### TASK STATEMENT:
An exact reproduction of the records is required, with all images left out.

--- THE DATA Enclosed Below ---

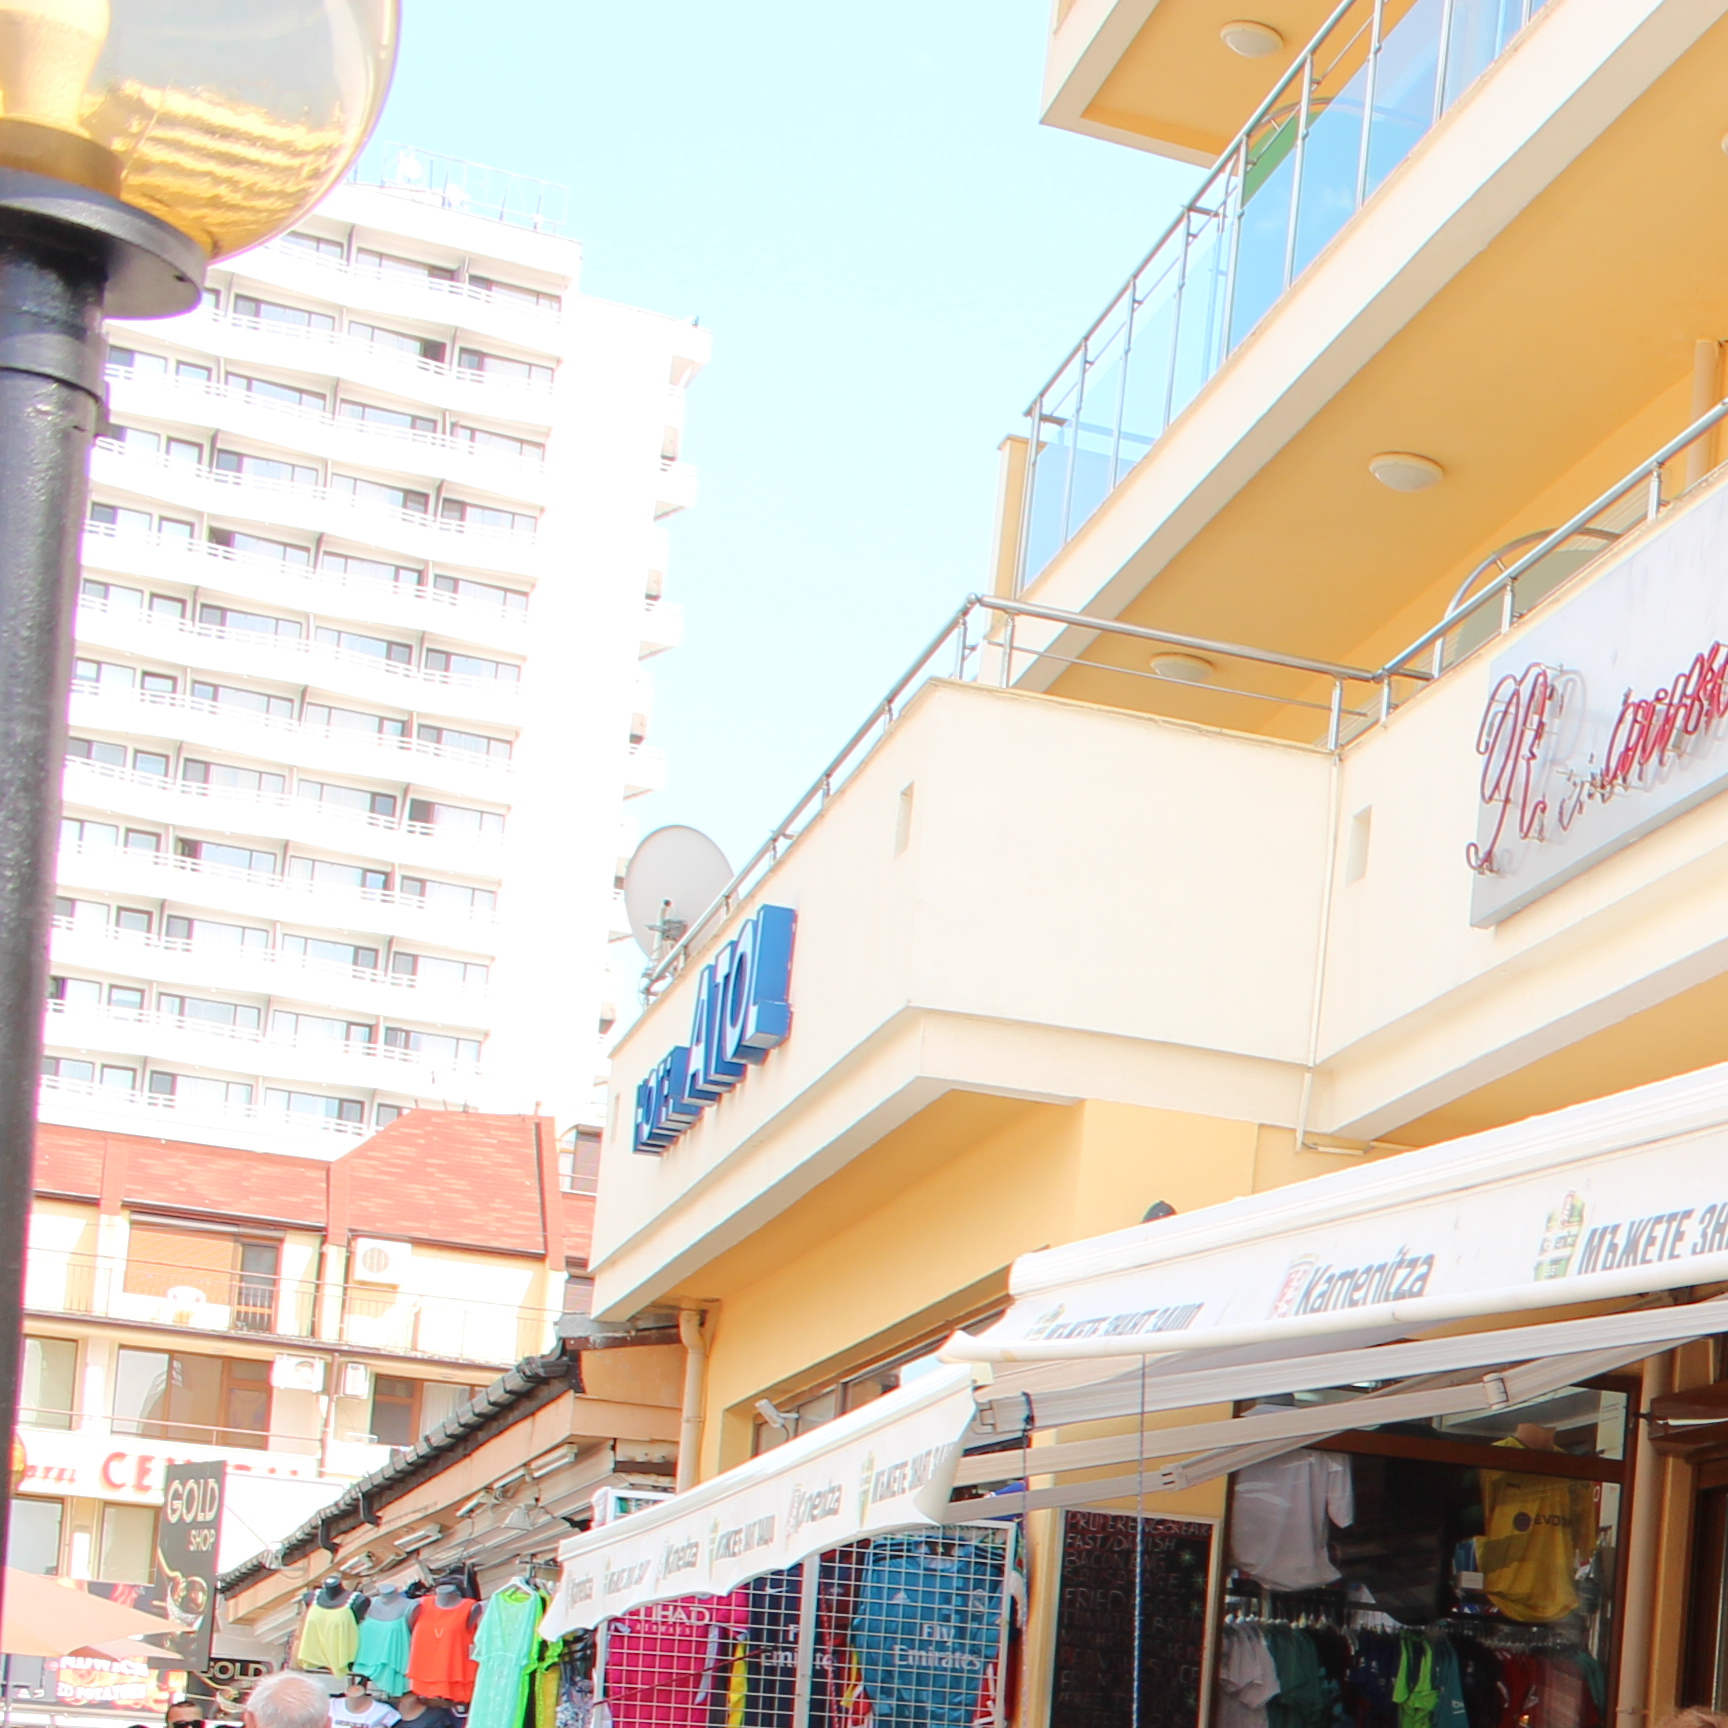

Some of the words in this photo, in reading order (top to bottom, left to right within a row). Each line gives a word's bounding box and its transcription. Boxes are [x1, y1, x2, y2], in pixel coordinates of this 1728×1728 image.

[1577, 1208, 1696, 1274] МЪЖЕТЕ
[1299, 1245, 1435, 1316] Kamenitza
[166, 1479, 219, 1523] GOLD
[189, 1529, 216, 1552] SHOP
[1065, 1588, 1126, 1610] FRIED
[922, 1623, 955, 1646] Fly
[893, 1645, 981, 1670] Emirates
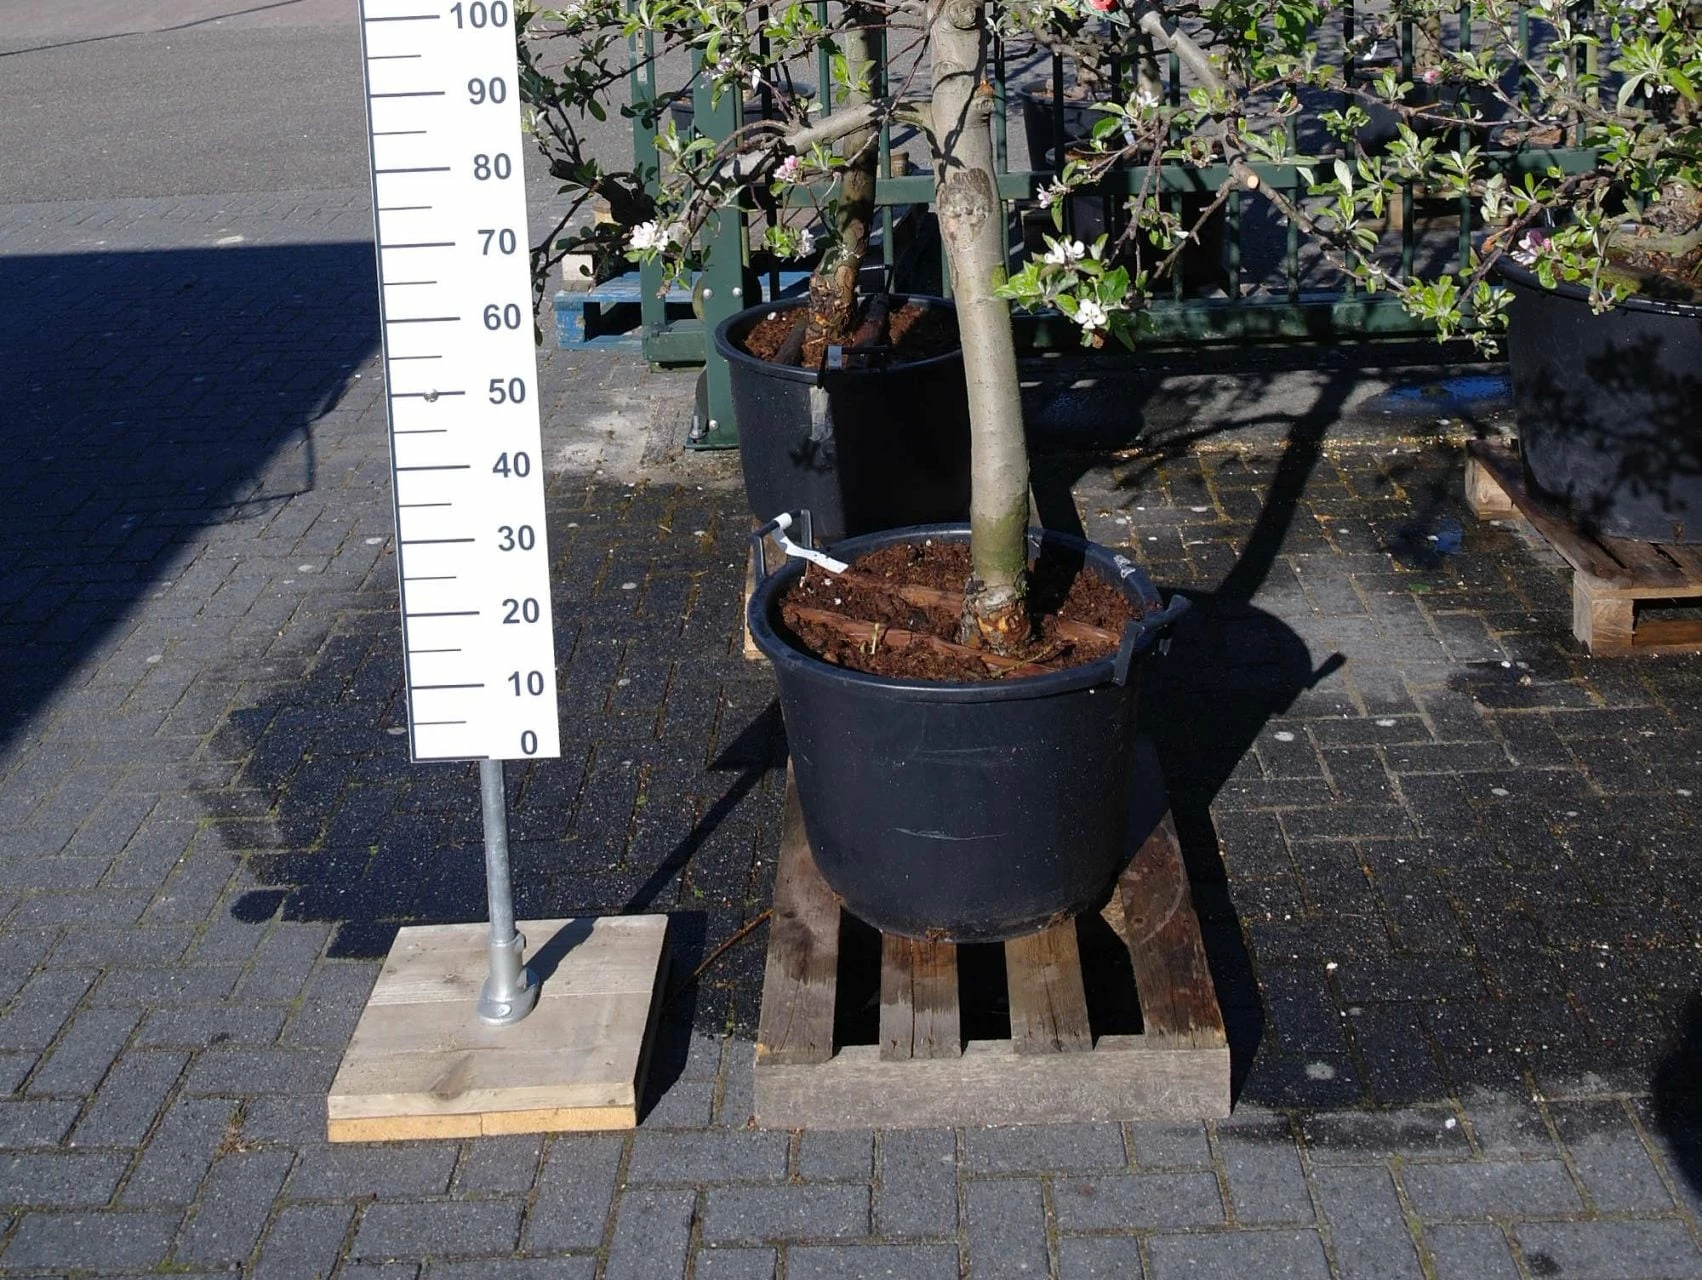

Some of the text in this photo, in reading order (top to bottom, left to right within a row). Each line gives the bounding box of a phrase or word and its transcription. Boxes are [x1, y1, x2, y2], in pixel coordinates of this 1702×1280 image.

--- End of Enclosed THE DATA ---

### SOLUTION BELOW:
Some of the words in this photo, in reading order (top to bottom, left to right within a row). Each line gives a word's bounding box and its transcription. Boxes are [x1, y1, x2, y2], in pixel coordinates of this 1728×1728 image.

[1577, 1208, 1696, 1274] МЪЖЕТЕ
[1299, 1245, 1435, 1316] Kamenitza
[166, 1479, 219, 1523] GOLD
[189, 1529, 216, 1552] SHOP
[1065, 1588, 1126, 1610] FRIED
[922, 1623, 955, 1646] Fly
[893, 1645, 981, 1670] Emirates

Some of the text in this photo, in reading order (top to bottom, left to right within a row). Each line gives the bounding box of a phrase or word and its transcription. Boxes are [x1, y1, x2, y2], in pixel coordinates of this 1702×1280 image.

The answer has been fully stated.